Exercise brief: All of the entries below should be returned verbatim, apart from the pictures.

(Phrase grounding data)
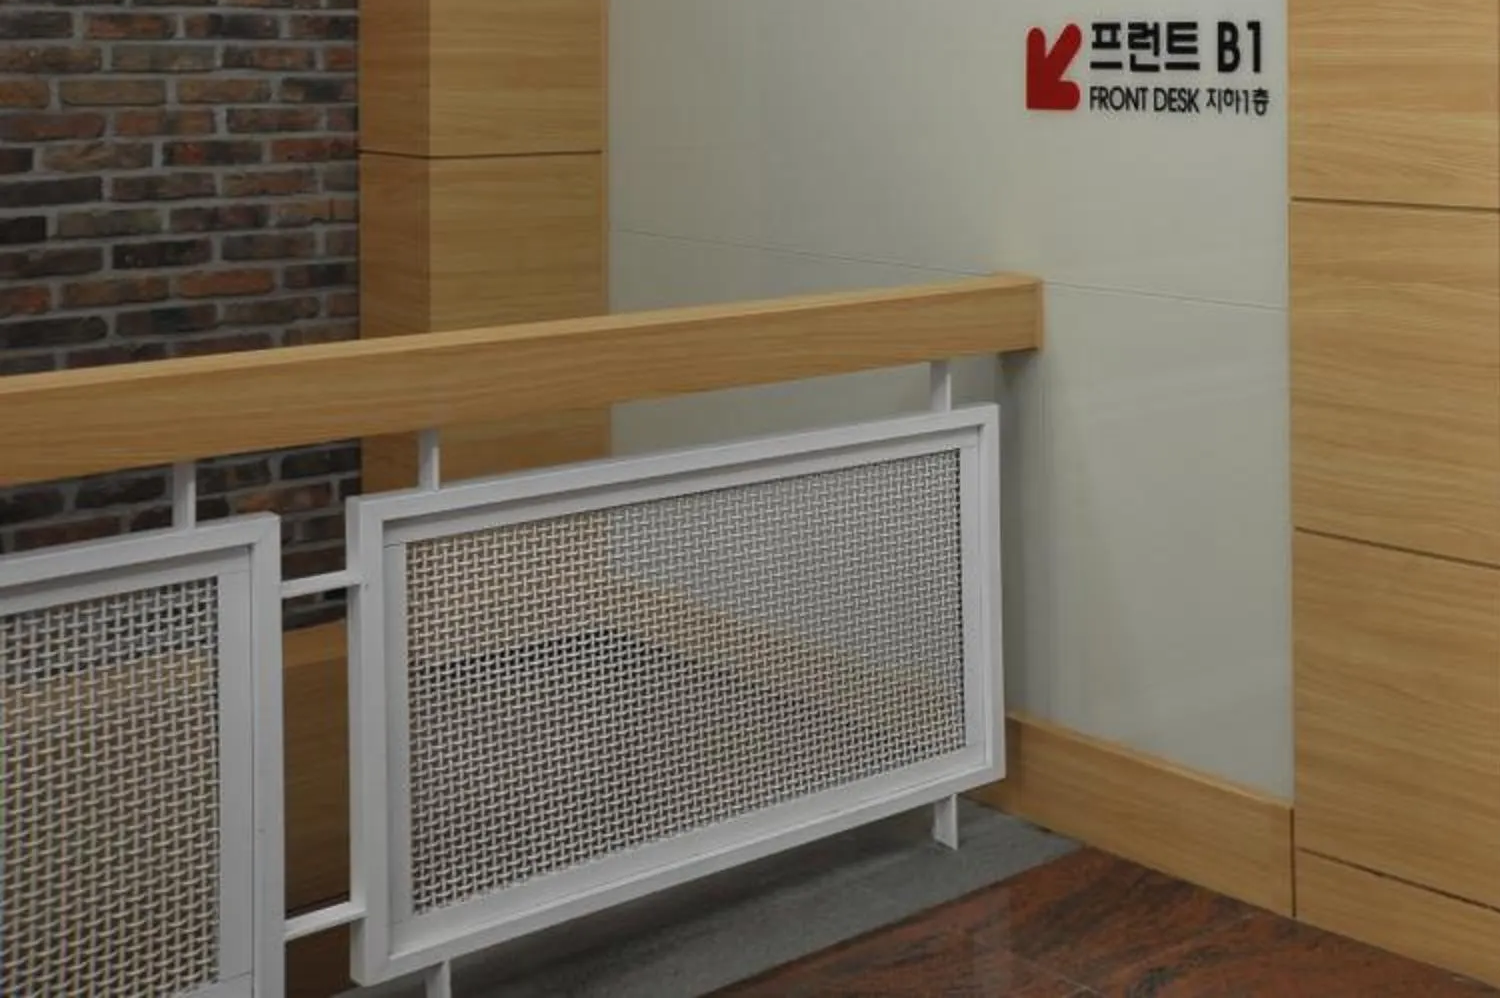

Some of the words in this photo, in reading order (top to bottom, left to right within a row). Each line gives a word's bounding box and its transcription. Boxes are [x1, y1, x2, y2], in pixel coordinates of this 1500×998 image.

[1089, 20, 1201, 74] 프런트
[1215, 19, 1263, 74] B1
[1089, 84, 1150, 112] FRONT
[1152, 86, 1201, 114] DESK

Exercise answer:
Some of the words in this photo, in reading order (top to bottom, left to right within a row). Each line gives a word's bounding box and its transcription. Boxes are [x1, y1, x2, y2], in pixel coordinates of this 1500×998 image.

[1089, 20, 1201, 74] 프런트
[1215, 19, 1263, 74] B1
[1089, 84, 1150, 112] FRONT
[1152, 86, 1201, 114] DESK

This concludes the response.